Ukraine Warns Lack Of Weapons Adds To Human Suffering (Worthy News Radio)
By Stefan J. Bos, Chief International Correspondent Worthy News
KYIV/BUDAPEST (Worthy News) – Ukraine’s defense minister warned Sunday that his country was losing lives and territories in its war with Russia because half the weapons promised by Western allies haven’t arrived yet.
The assessment came as Ukraine faced an unprecedented humanitarian crisis after its second anniversary of war against the invading Russian army with Kyiv admitting that tens of thousands of Ukrainian forces have died in battle.
As the war-torn nation entered its third year of armed conflict against Russia, there was growing desperation Sunday on the battlefields.
Ukraine’s Defense Minister, Rustem Umerov, revealed that his troops had built new fortifications and “thousands of strongholds.”
But, he made clear that delays in the supply of Western equipment led to massive setbacks and deaths on the battlefield. “Fifty percent of [Western] commitments are not delivered on time. So this means that in the mathematics of war, we will look to the enemy: Their economy is almost two trillion [dollars]. They used up to 15 percent of the official and unofficial budget for the war. That constitutes over 15 billion US dollars annually,” he noticed.
With House Republicans in Washington blocking a U.S. military aid package, Ukraine’s armed forces are running out of air defense missiles and artillery shells.
And F-16 jets promised by an international coalition including the Netherlands, Norway, and Belgium have yet to arrive. They are expected sometime during Ukraine’s spring season, potentially still months away.

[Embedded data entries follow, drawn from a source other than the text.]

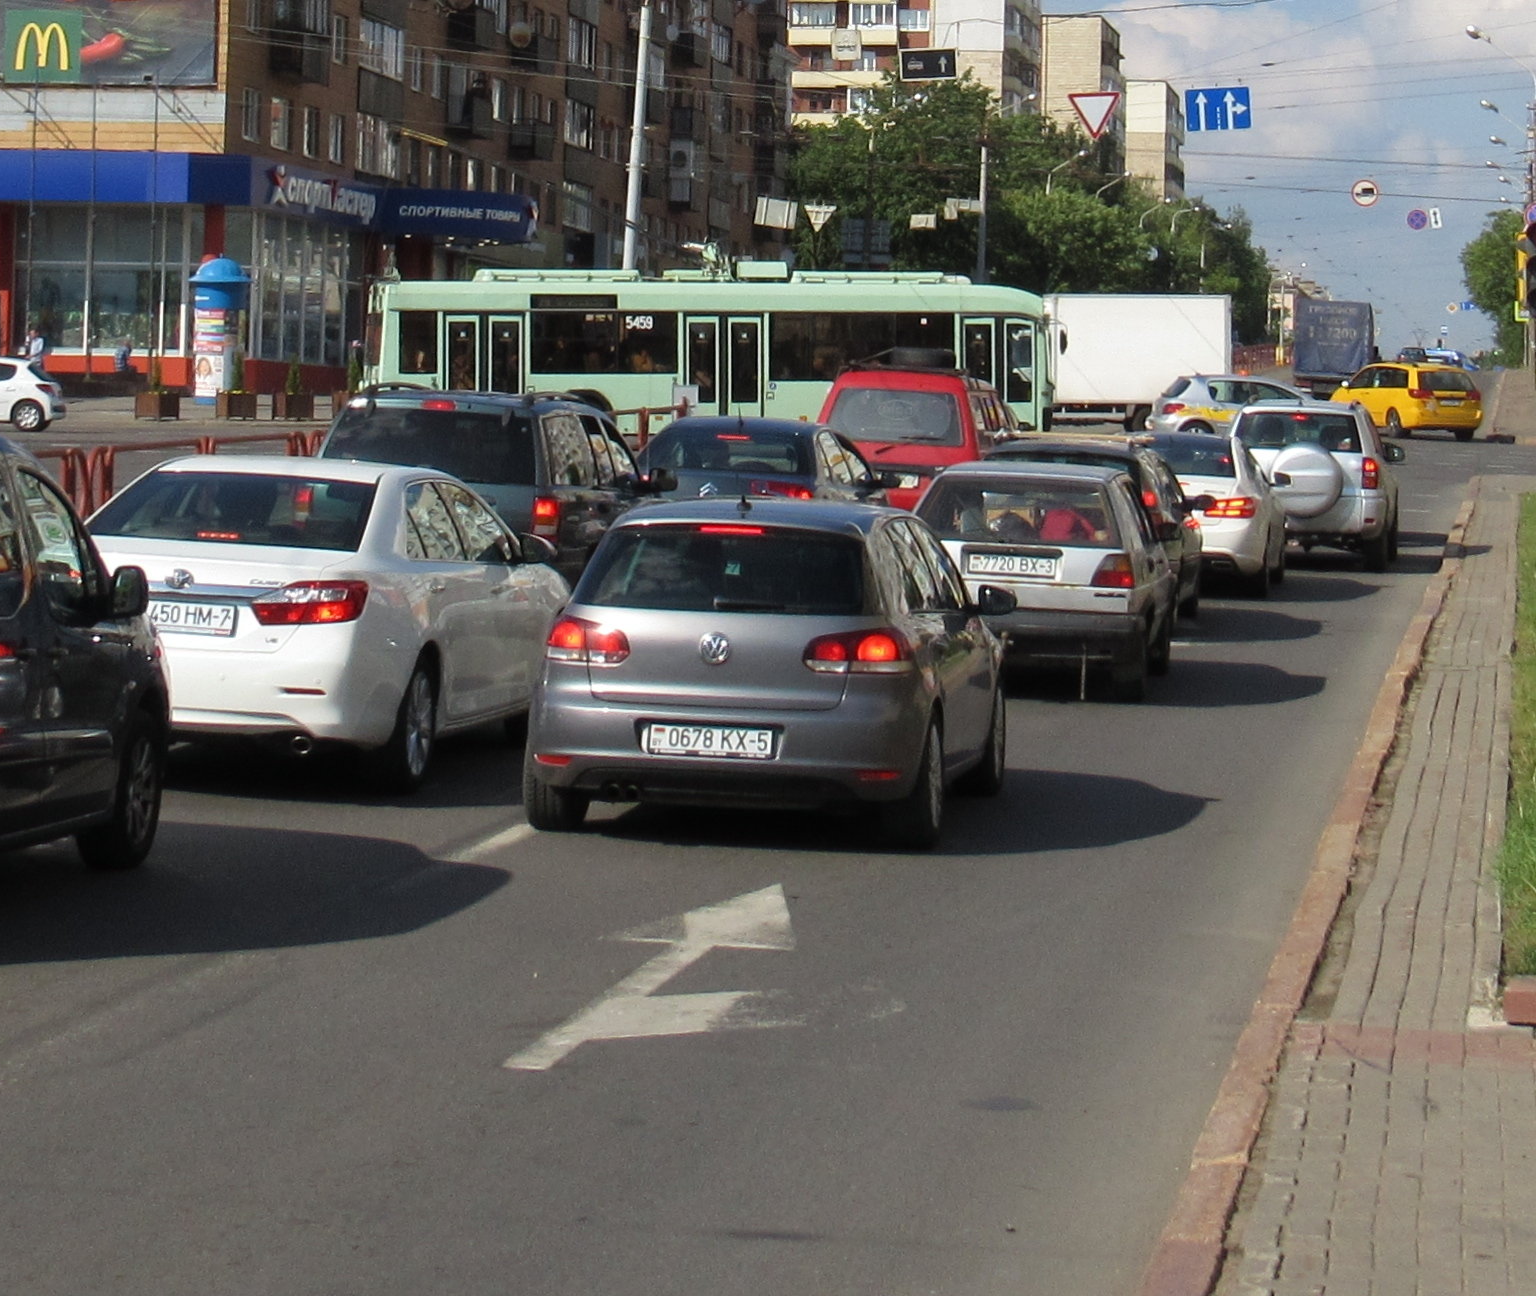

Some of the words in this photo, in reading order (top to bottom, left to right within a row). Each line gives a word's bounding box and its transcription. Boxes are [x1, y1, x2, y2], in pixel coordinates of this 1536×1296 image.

[399, 205, 484, 220] СПОРТИВНЫЕ
[485, 208, 521, 223] ТОВАРЫ
[625, 315, 653, 331] 5459
[982, 555, 1015, 571] 7720
[1019, 559, 1053, 574] BX-3
[184, 605, 230, 627] HM-7
[668, 727, 714, 748] 0678
[720, 730, 768, 752] KX-5

Umerov said history showed that no country could win a war without “air superiority.”
31,000 SOLDIERS KILLED
“So basically whatever committed [by the West] that doesn’t come on time [in Ukraine], we’ll lose people, we’ll lose territories,” the minister warned.

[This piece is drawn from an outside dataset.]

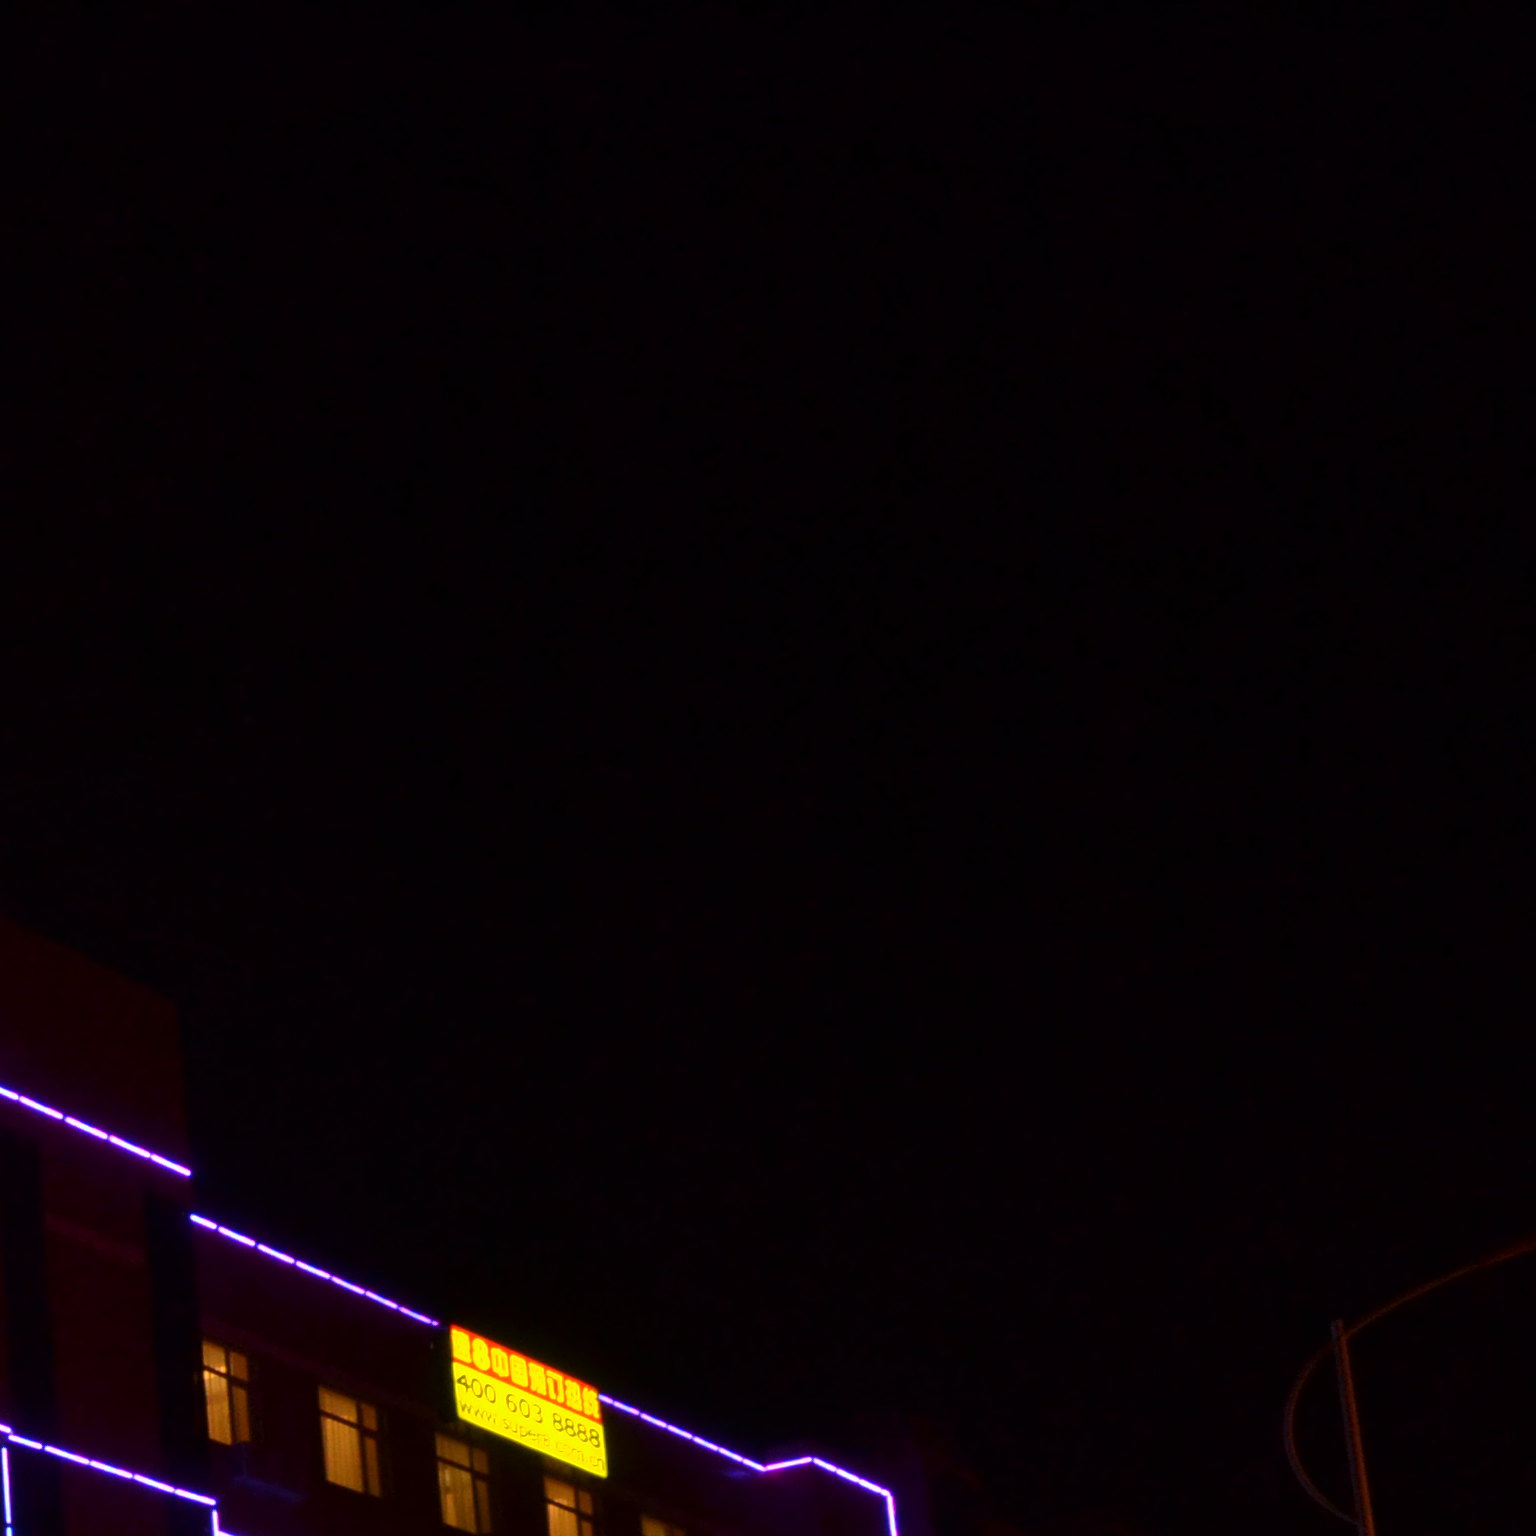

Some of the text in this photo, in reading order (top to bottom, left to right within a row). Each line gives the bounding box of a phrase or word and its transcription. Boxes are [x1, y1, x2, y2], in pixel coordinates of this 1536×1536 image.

In separate remarks, President Volodymyr Zelenskyy said on Sunday that 31,000 Ukrainian soldiers had been killed since Russia’s full-scale invasion two years ago, giving the first official figure for more than a year. However, these figures were complex to verify independently.

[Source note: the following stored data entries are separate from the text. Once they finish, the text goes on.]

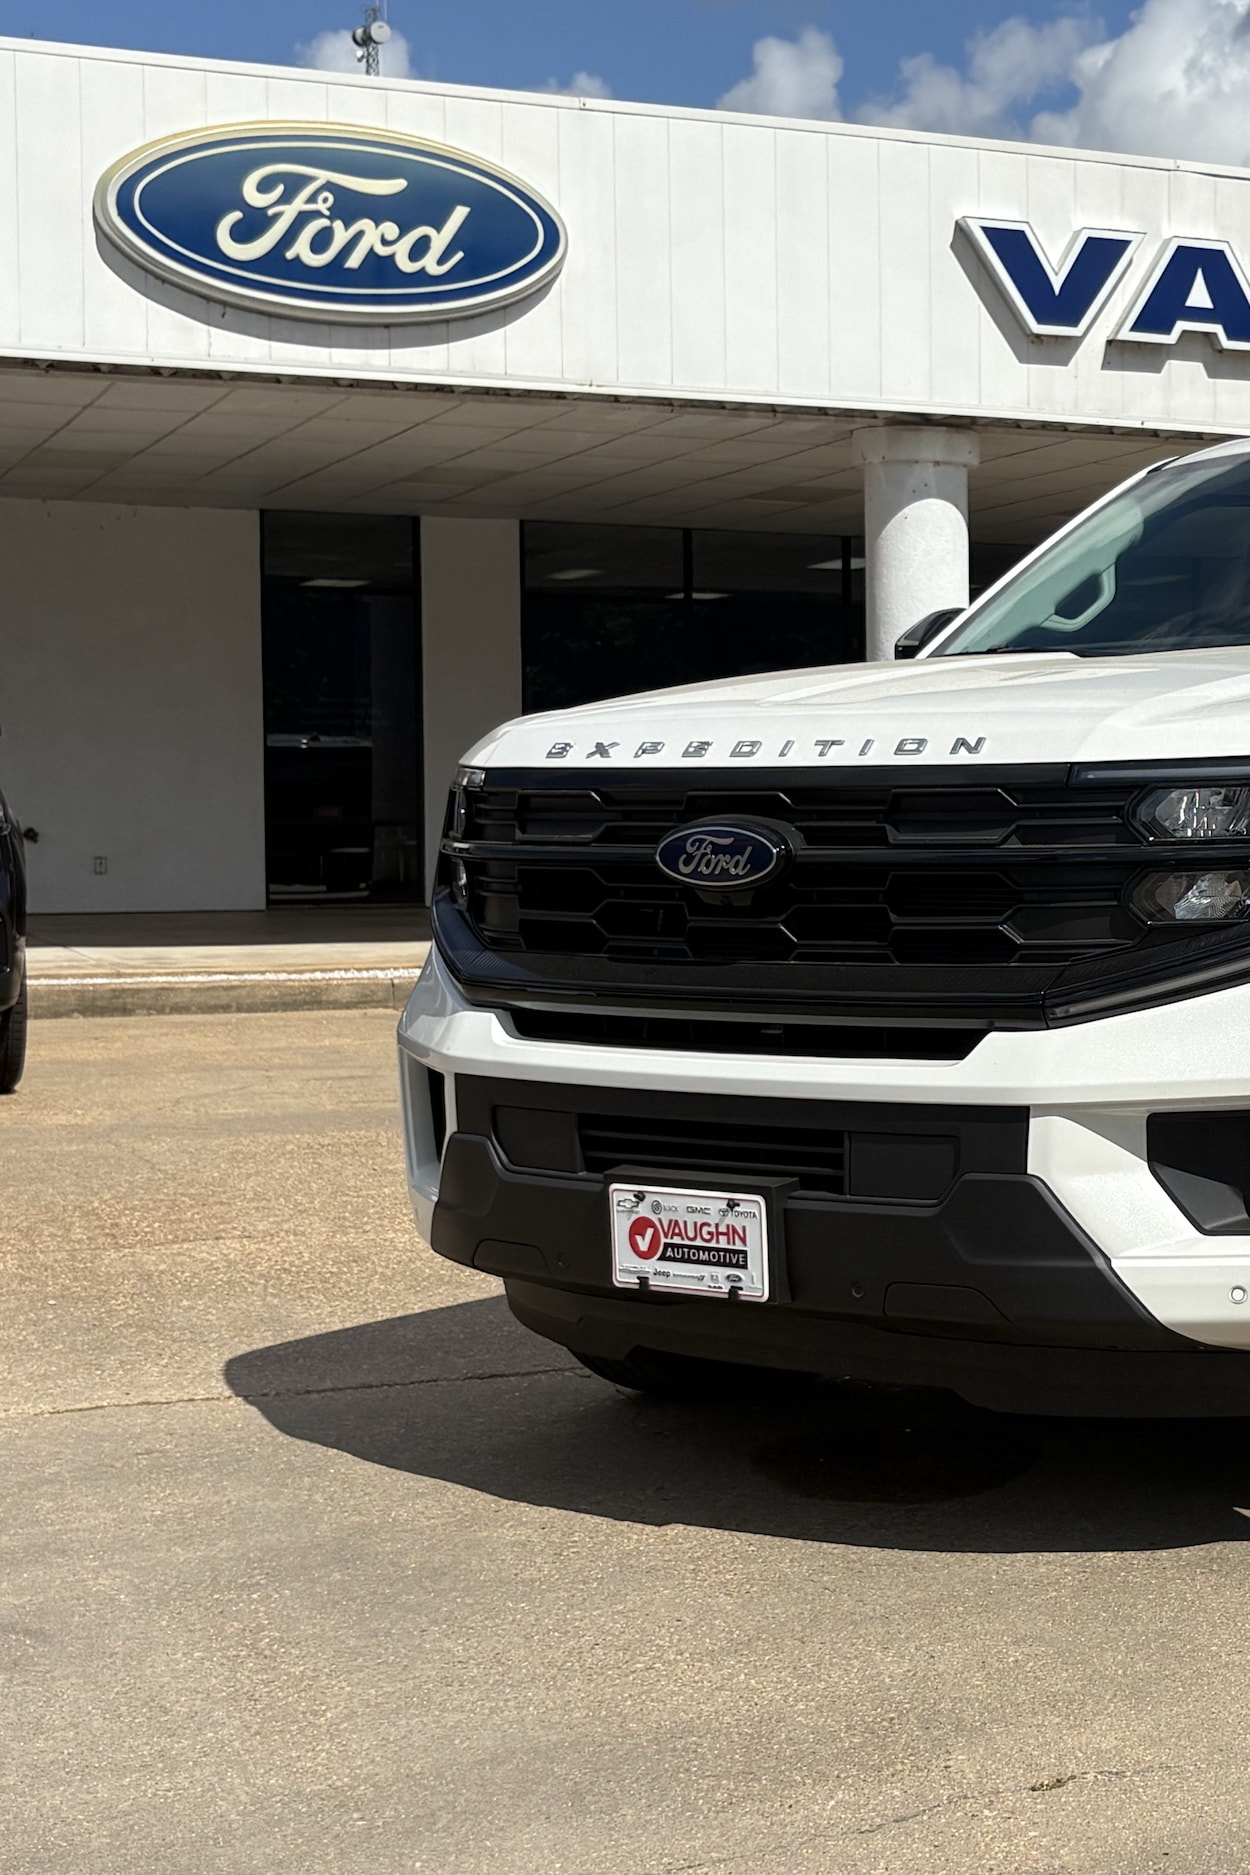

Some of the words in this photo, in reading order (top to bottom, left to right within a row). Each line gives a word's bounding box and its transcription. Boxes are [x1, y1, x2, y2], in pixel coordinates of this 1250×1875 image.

[216, 163, 472, 276] Ford
[545, 737, 987, 759] EXPEDITION
[678, 834, 753, 877] Ford
[686, 1205, 711, 1215] GMC
[731, 1209, 757, 1219] TOYOTA
[657, 1217, 748, 1247] VAUGHN
[665, 1247, 746, 1265] AUTOMOTIVE
[653, 1268, 671, 1278] Jeep

Zelenskyy told a news conference in Kyiv that he could not disclose the number of wounded because it would help Russian military planning.
Those who survive are often returning from the battlefields with horrific wounds. Among them is Serhiy, a 27-year-old soldier.
He suffered terrible injuries when his vehicle hit a Russian anti-tank mine on Ukraine’s frontline near Mariinka.
After he slowly began to regain consciousness in his hospital bed in Kyiv, he realized he couldn’t see, speak, or feel his legs.
GENTLE VOICE
But he could hear his wife Valeria’s voice.
That gentle voice inspired him to set up groups to help wounded veterans, including one to build infrastructure for their life after the war.
His suffering and that of many others also motivated volunteers to help Ukraine see through another year of bloodshed.
Take Paul Hughes, a Canadian who risked his life to rescue a six-year-old girl from the Russian-occupied area of Zaporizhzhia and reunited her with her mother, who was in the Netherlands.
He recalled that angry Russian forces surrounded him before he could convince them to choose hope over death.
These are seen as crucial compassionate gestures in a war that the United Nations now says has exacted a “horrific human cost,” inflicting immense suffering on millions of civilians that will be felt “for generations.”
MORE SUFFERING
There was more suffering on Sunday as explosives by a Russian drone killed a 57-year-old man in Nikopol, across the Dnipro river from the Zaporizhzhia nuclear power plant, captured by Russia at the start of the war, officials said.
Elsewhere in the eastern city of Kostyantynivka, a Russian missile strike wounded one, damaged a church, and destroyed the railway station—which is not in use, according to Ukrainian authorities.
Witnesses also watched in shock how dozens of apartments, shops, and administrative buildings were destroyed or damaged.
Hundreds of thousands of people, including soldiers and civilians, are believed to have been killed and injured on both sides of the battle zones.
Yet despite a lack of weapons, Ukraine still hopes to halt the Russian invasion and, along with injured veterans and other volunteers, start rebuilding on the ruins of Europe’s most devastating conflict in many years.